[Saved entries]

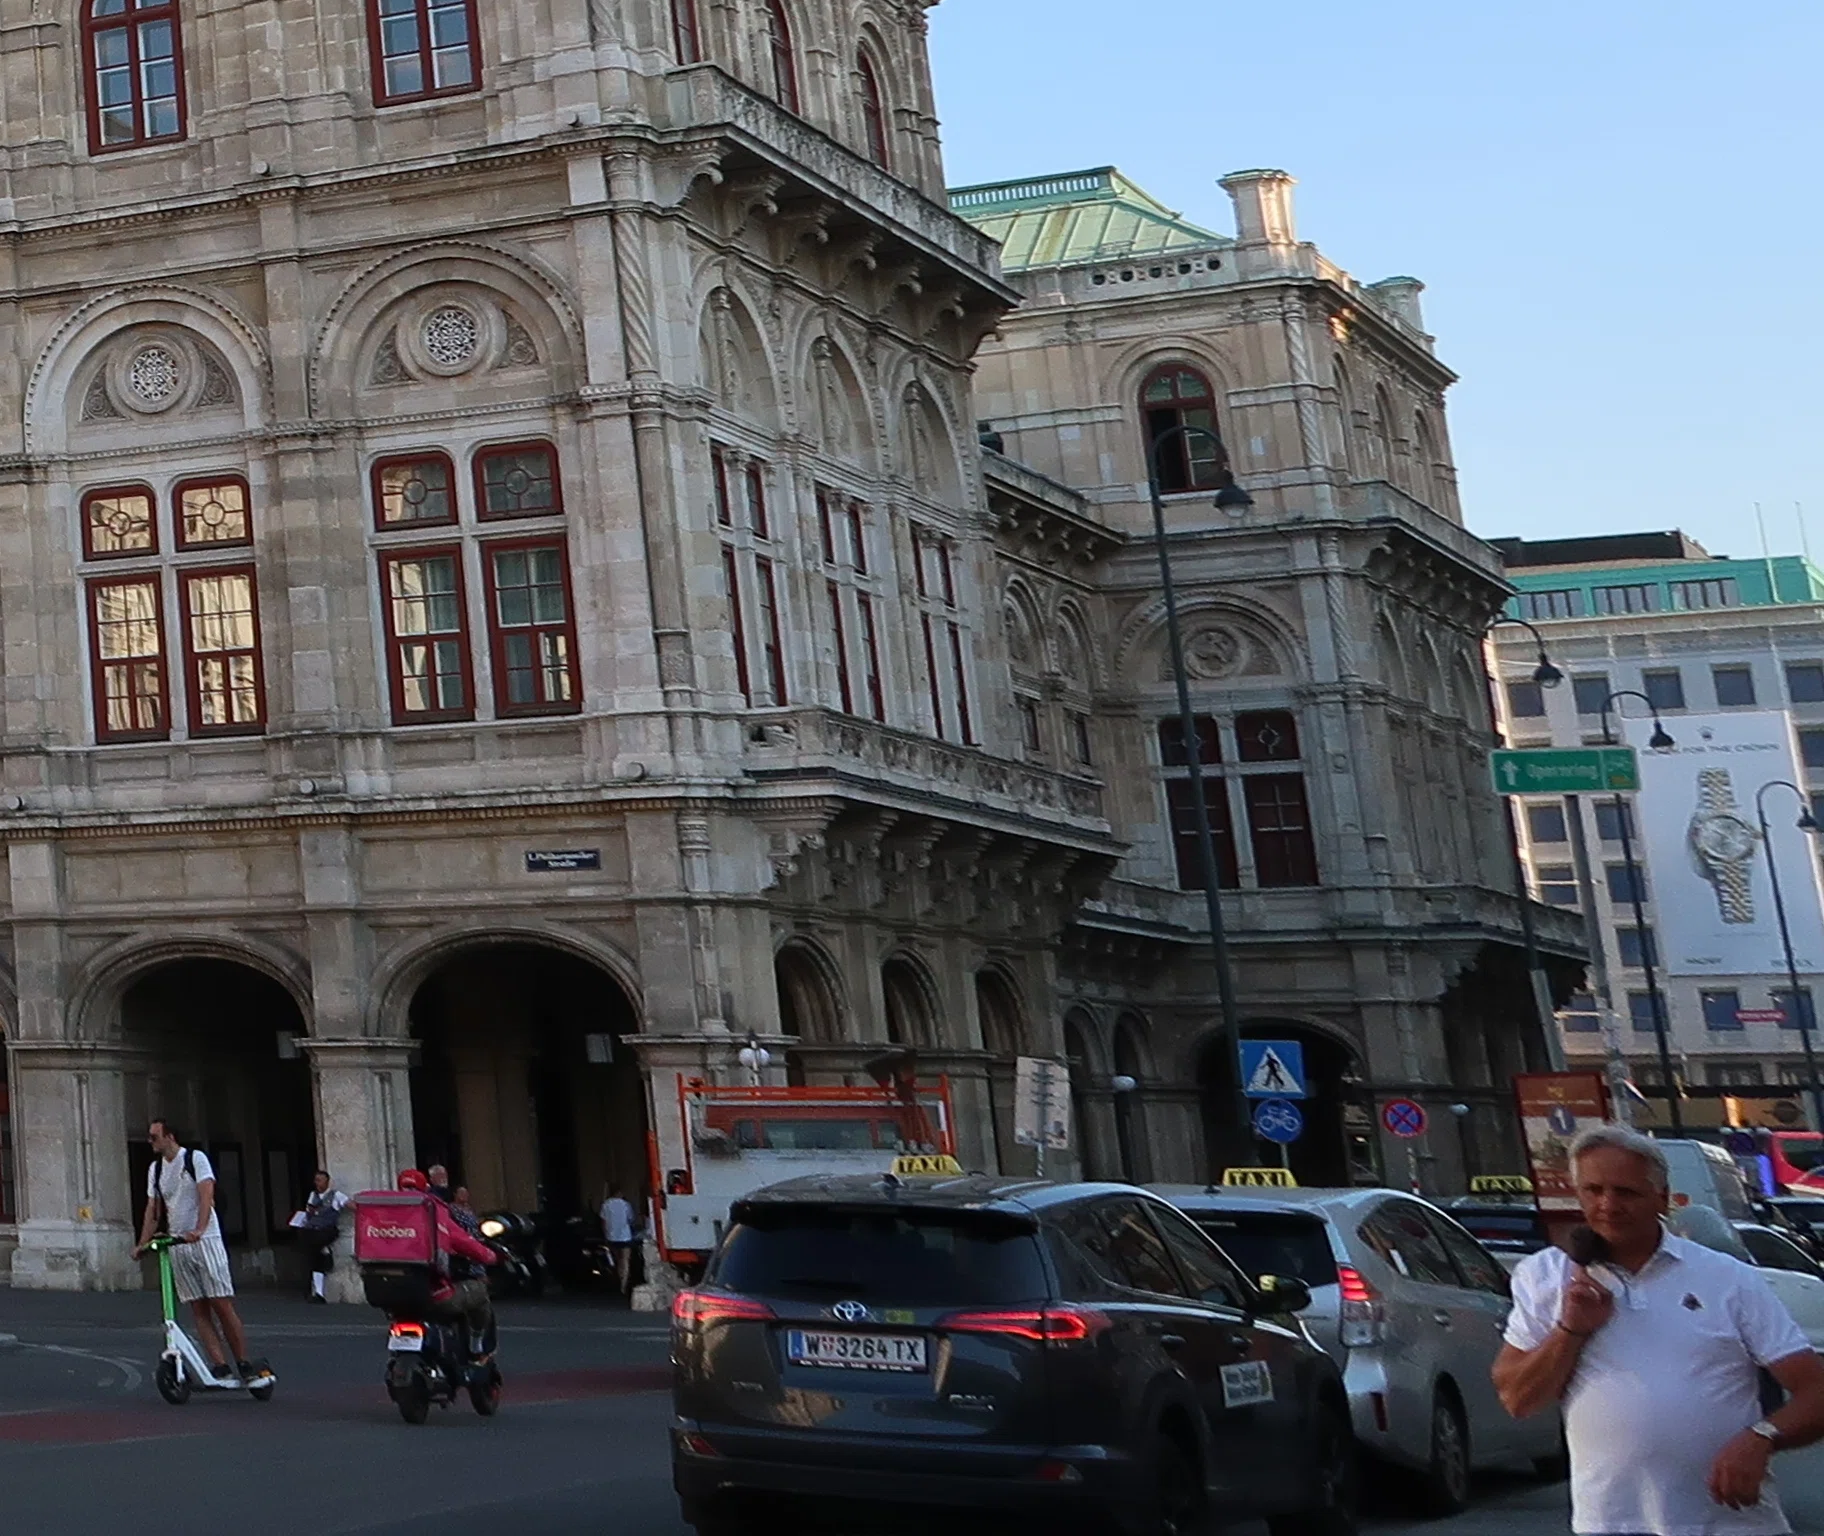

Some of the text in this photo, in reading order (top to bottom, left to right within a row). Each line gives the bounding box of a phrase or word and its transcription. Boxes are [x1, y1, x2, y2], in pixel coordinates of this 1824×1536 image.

[898, 1157, 947, 1174] TAXI
[1232, 1172, 1285, 1187] TAXI
[367, 1225, 417, 1238] foodora
[805, 1334, 920, 1361] W 3264 TX

# Your task:
Give back each entry exactly as it appears, with no pictures.

# Solution for this task:
Some of the text in this photo, in reading order (top to bottom, left to right within a row). Each line gives the bounding box of a phrase or word and its transcription. Boxes are [x1, y1, x2, y2], in pixel coordinates of this 1824×1536 image.

[898, 1157, 947, 1174] TAXI
[1232, 1172, 1285, 1187] TAXI
[367, 1225, 417, 1238] foodora
[805, 1334, 920, 1361] W 3264 TX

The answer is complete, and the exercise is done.